The Independent Party of Connecticut (IPC) is a minor political party in the State of Connecticut. As of November 3, 2014, Connecticut had 16,189 active voters registered with the Connecticut Secretary of State with the Independent party, making it the third largest party in the state. The party has at least one elected official. In November 2013, Lawrence DePillo was elected to the Waterbury Board of Aldermen.

After a 2022 Independent Party gubernatorial convention in which party chairman Mike Telesca voted to break a 79-79 tie between businessmen Bob Stefanowski and Rob Hotaling, the Party nominated Hotaling. Hotaling failed to garner the necessary 1% to maintain ballot access for the Independent Party. As a result, any Independent Party member who does not live in an area governed by a local IP town committee forfeits their membership.

==History==
In the 1930s, an Independent-Republican party was formed by Professor Albert Levitt of Redding, CT and Irving Fisher, a Yale economist. However, the official title of "Independent Party" was used later on. In 1958, Andrew C. LaCroix of Easton, Connecticut was acting treasurer of the Independent Party of Connecticut. The party backed Ms. Vivian Kellems of Stonington, Connecticut in a 1956 write-in campaign. At that time, Anthony Sparaco of Old Saybrook was president, and Rosemary Favale of Waterbury was vice-president. In 1959, Charles R. Iovino of Milford, Connecticut was also elected as an Independent write-in candidate. As early as 1967, the Independent Party of Connecticut successfully held meetings throughout the State. However, it is speculated that the Independent Party of Connecticut was actually formed on August 23, 1966.

==Town committees==
An Independent Town Committee is a local organization that affiliates with the State-Central Executive Board. According to bylaws, they must consist of a Chairman, Vice-Chairman, Secretary, and Treasurer.
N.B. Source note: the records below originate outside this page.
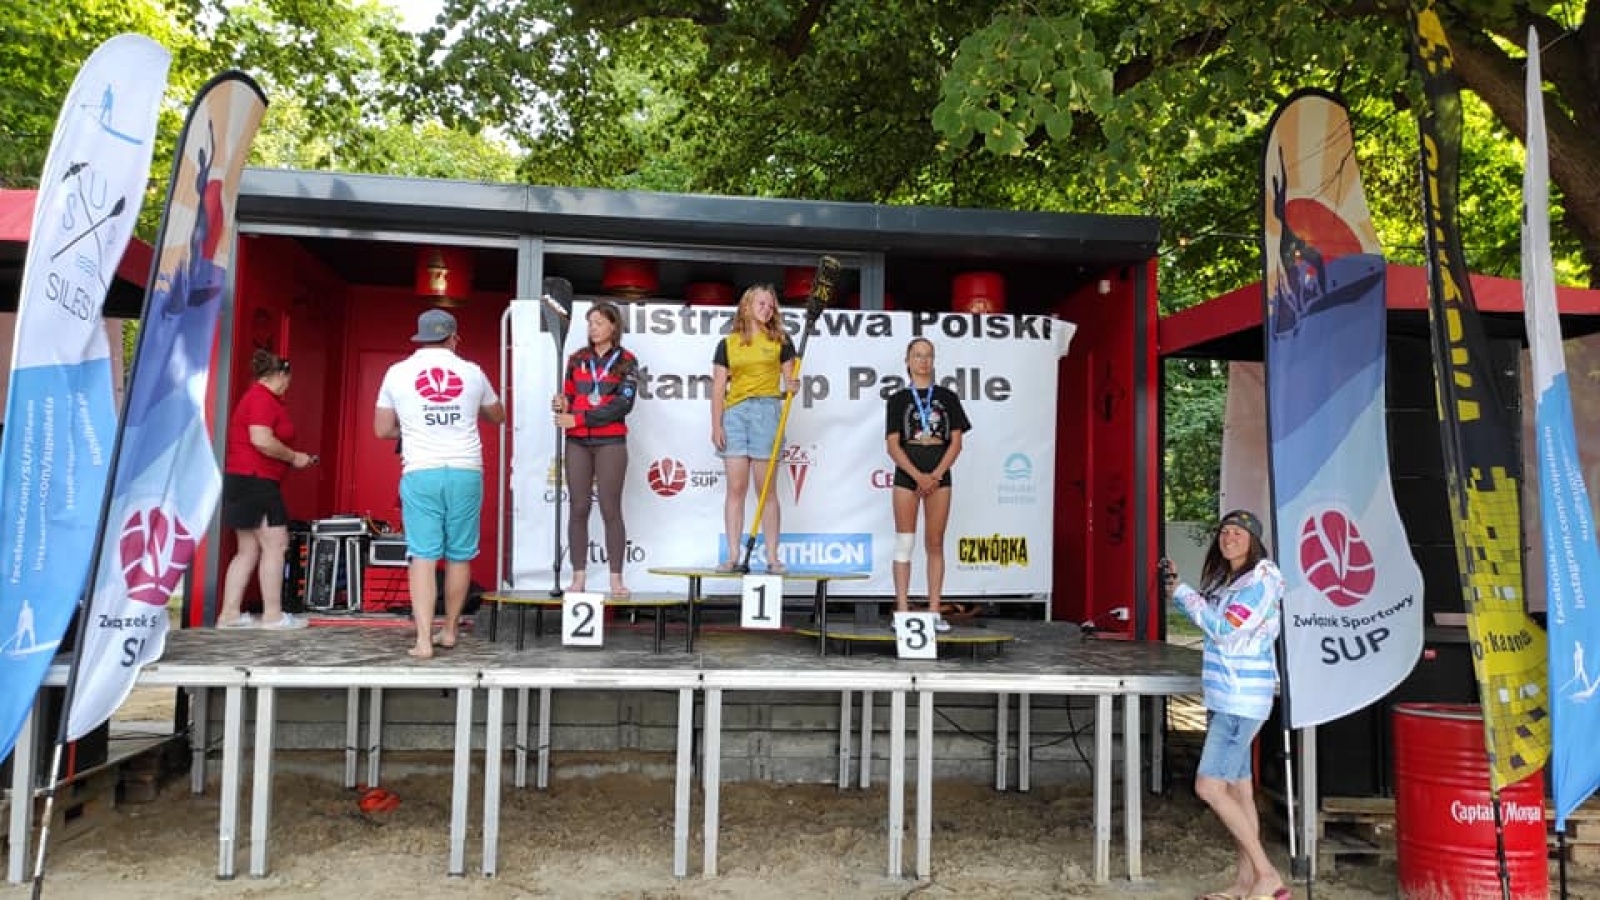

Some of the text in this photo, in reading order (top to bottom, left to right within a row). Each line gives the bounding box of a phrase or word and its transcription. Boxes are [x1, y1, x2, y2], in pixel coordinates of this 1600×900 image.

[848, 366, 1013, 401] Padle
[425, 413, 461, 426] SUP
[690, 476, 719, 488] SUP
[958, 534, 1028, 565] CZWÓRKA
[751, 584, 771, 620] 1
[1341, 594, 1414, 630] Sportowy
[570, 601, 596, 638] 2
[904, 617, 926, 650] 3
[1321, 627, 1390, 665] SUP
[1450, 800, 1497, 826] Captai
Town committees by city/town

- Bethel, Connecticut
- Bridgeport, Connecticut
- East Haven, Connecticut
- Milford, Connecticut
- Middletown, Connecticut
- Newtown, Connecticut
- Waterbury, Connecticut
- Watertown, Connecticut
- Winsted, Connecticut: Samuel Demonstranti, Chairman; David LaPointe, Treasurer

No Independent Party candidate of note has ever been elected in their own right.